Luciano Rocha | Jornal de Angola | opinião
O recente drama da zungueira Alice João, morta, recentemente, em Luanda, ao pisar um cabo eléctrico, reconfirmou o estado lastimoso em que se encontra o espaço público da província e da cidade.
Dona Alice João morreu, quando,
uma vez mais, calcorreava as ruas da capital, porque a promessa da criação de
pracinhas continua por cumprir, aumentando, pelo menos, para já, a lista dos
anúncios vazios de intenções.
Dona Alice João morreu porque, fizesse sol, chuva ou cacimbo, tinha,
todos os dias, de sair de casa para tentar ganhar o sustento dela e da família
- cinco filhos e um marido desempregado - sem olhar para o tempo ou horas, que
estômagos vazios não se compadecem com meteorologia ou relógios.
Dona Alice João, trabalhadora independente, não "podia dar-se ao luxo” de
"meter baixa”, sequer cumprir a ordem de recolhimento domiciliário, muito
menos preguiçar em casa, com salário, demais regalias, como "prémios de
produtividade”, subsídios de férias. Transgredir, para ela, era
obrigatório, se queria ganhar a vida, com o coração apertado e olhos divididos,
um na bacia, o outro no polícia.
Dona Alice João foi assassinada, num dia de chuva, por um cabo eléctrico desgarrado,
num espaço público da capital de um país chamado Angola. Como podia ter
perecido, ao tropeçar em qualquer tubo de origens tantas que povoam a
província, como buracos de todos os tamanhos e feitios, que "enfeitam” a
província, entre eles, bocas de incêndio a jorrar água, meses a fio, que
escasseia nas torneiras.
Dona Alice João podia ter culminado a vida de trabalho honrado, vitimada pelo coronavírus que era obrigado a desafiar, segundo a segundo, entre as lixeiras públicas de Luanda. Até com morte súbita no mesmo local, onde pisou o cabo eléctrico; ou dormir em casa, a menos provável das causas, tão poucas horas passava o corpo pelo colchão. Mas não, a culpa foi da vandalização de desconhecidos. A revelação, feita pelo Presidente do Conselho de Administração da ENDE, surgida cerca de 48 horas após o drama, não deixa dúvidas, porque foi baseada em investigação de peritos.

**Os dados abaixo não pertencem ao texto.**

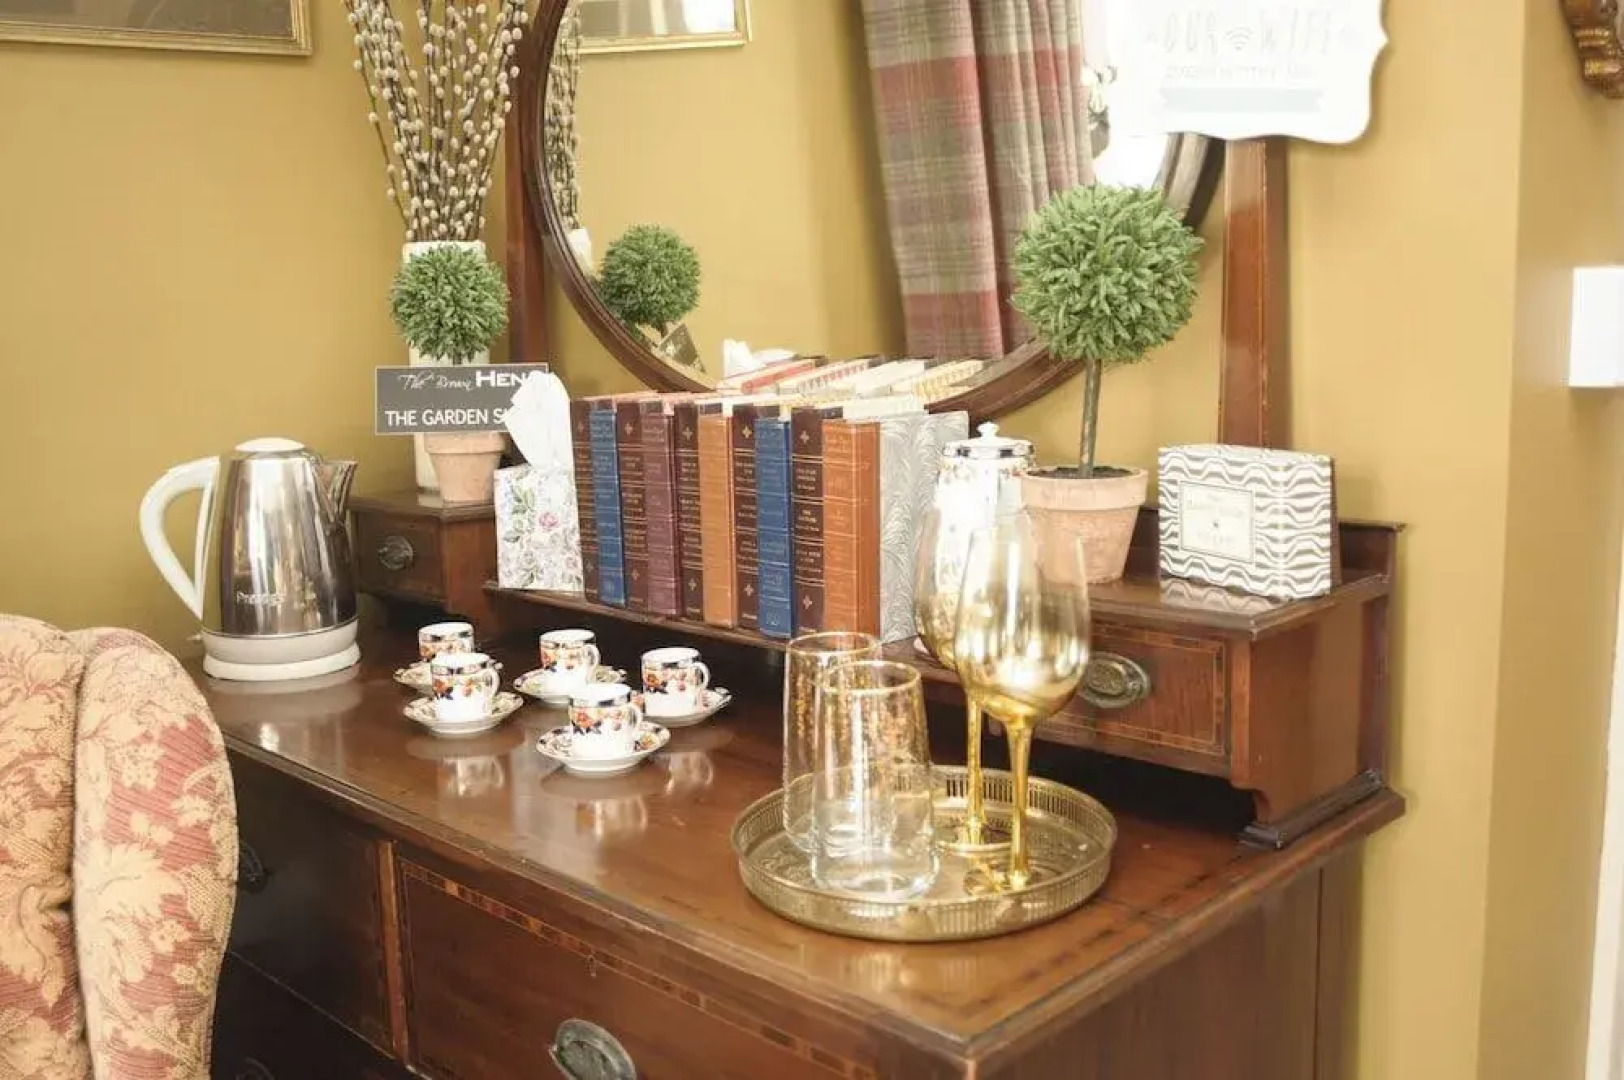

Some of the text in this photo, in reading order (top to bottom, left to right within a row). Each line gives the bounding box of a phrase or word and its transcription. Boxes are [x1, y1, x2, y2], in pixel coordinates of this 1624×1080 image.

[397, 369, 434, 391] The
[385, 410, 417, 427] THE
[421, 408, 488, 426] GARDEN
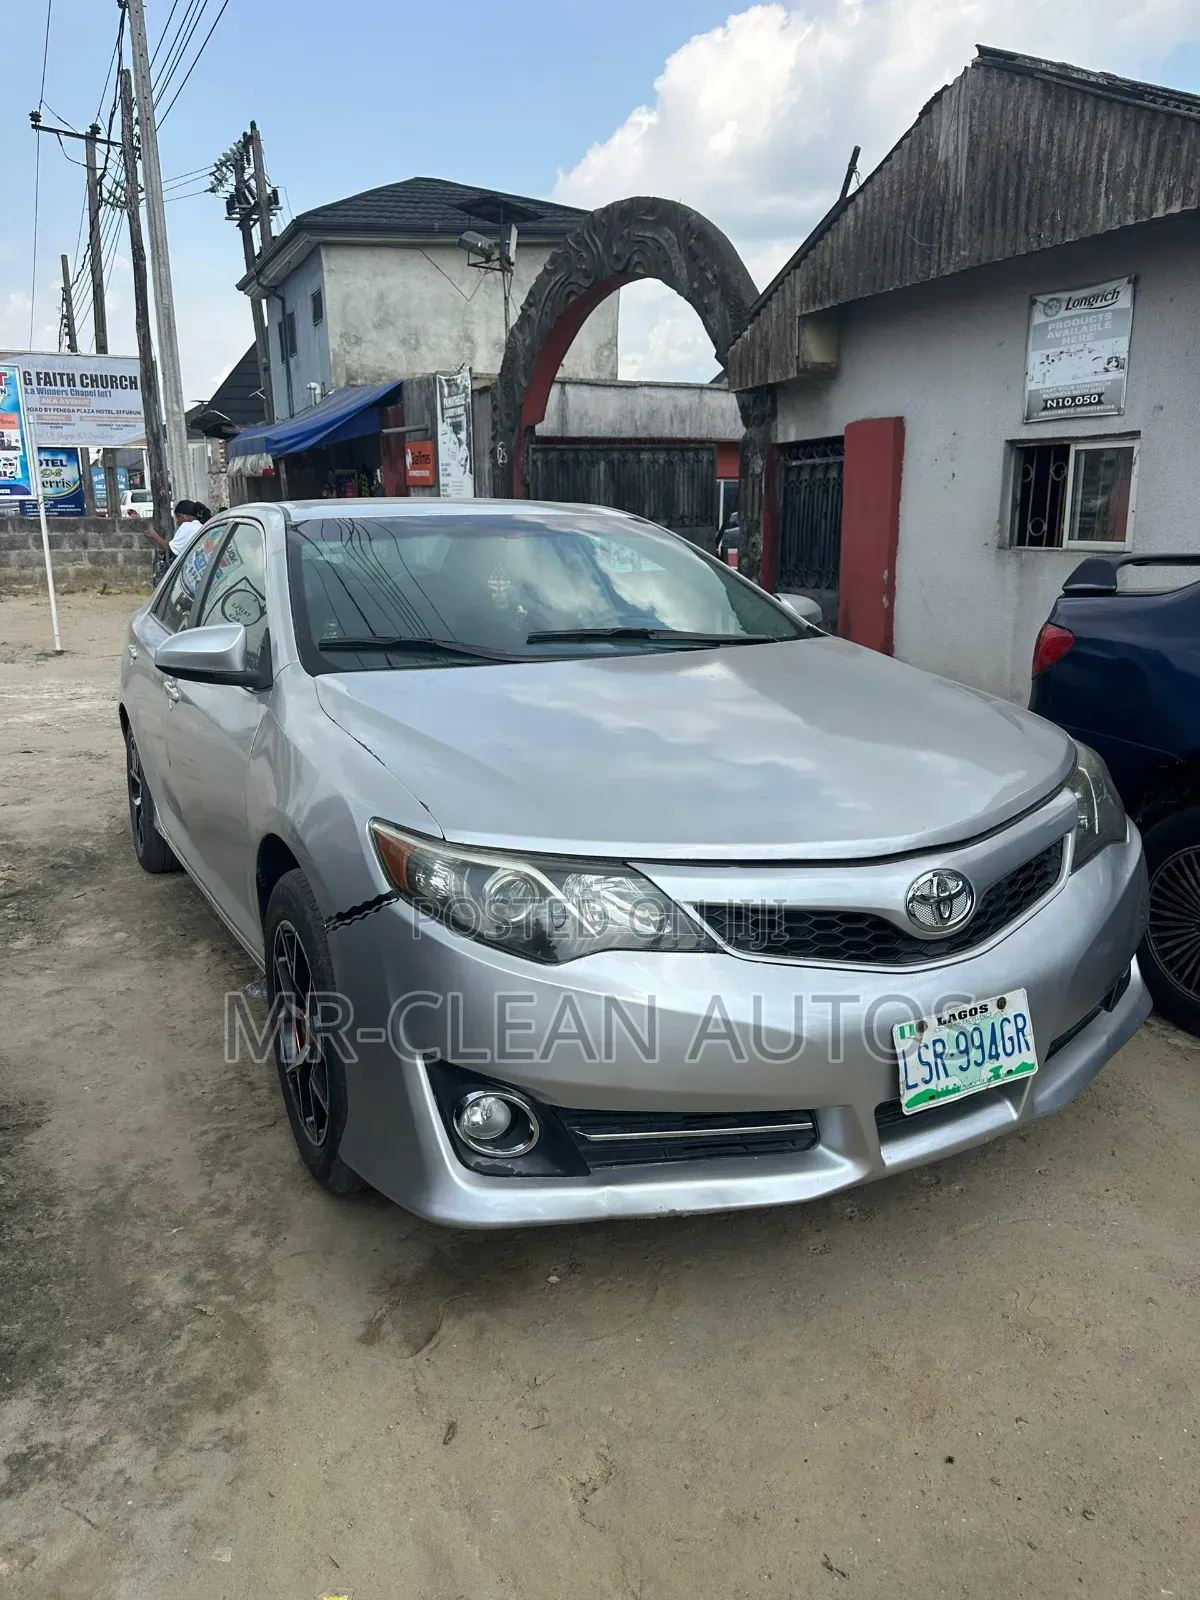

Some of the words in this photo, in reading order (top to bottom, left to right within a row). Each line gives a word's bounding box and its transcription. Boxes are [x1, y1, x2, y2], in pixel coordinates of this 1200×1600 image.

[1065, 288, 1120, 311] Longrich
[1046, 320, 1113, 340] AVAILABLE
[1048, 312, 1113, 331] PRODUCTS
[1062, 332, 1095, 345] HERE
[36, 371, 77, 388] FAITH
[80, 373, 138, 390] CHURCH
[37, 388, 69, 396] Winners
[70, 390, 96, 398] Chapel
[60, 398, 90, 406] AVENUE
[1047, 394, 1099, 408] N10,050
[936, 1003, 989, 1026] LAGOS
[901, 1013, 1031, 1091] LSR-994GR

O que pergunta o cidadão comum é, provavelmente, que nome se dá a quem devia ter evitado o drama, consertado a tempo o danificado e, pela inércia, incentivado os autores do crime? E àqueles que, com comportamentos idênticos, contribuem para a balbúrdia crescente da capital do país e da província na qual se insere?
A culpa do estado a que Luanda chegou reparte-se por círculos diversificados de sectores e personalidades. Bem vistas as coisas, poucos conseguem passar incólumes pela rede selectiva de apuramento de responsabilidades. Por ordem de razões, o Governo Provincial e as administrações, independentemente da categoria, mas, igualmente, os próprios Ministérios e Secretarias de Estado, outrossim, deputados à Assembleia Nacional, a que se juntam forças políticas, demais organizações com representatividade no pulsar na vida da vida da província, onde se situa a capital angolana, que deve, por causas muitas, ser o espelho do país. A verdade é que se esbanja tempo demais em assuntos não prioritários, sobretudo no momento que vivemos duplamente desafiante de ter de lutar contra o coronavírus e pelo desenvolvimento económico, coisas aparentemente díspares, mas interligados e de que maneira.
Alguns argumentarão, com objectivos diferentes, que têm sido feitas coisas boas no país, inclusive em Luanda, o que é indesmentível, mas, neste mar encapelado de necessidades acabam por submergir, na melhor das hipóteses, subvalorizados.
Os vândalos têm de ser combatidos, todos eles. Não esqueçamos nunca que ladrões tanto são os que roubam, como os que vigiam, fingem não ver e os encobrem.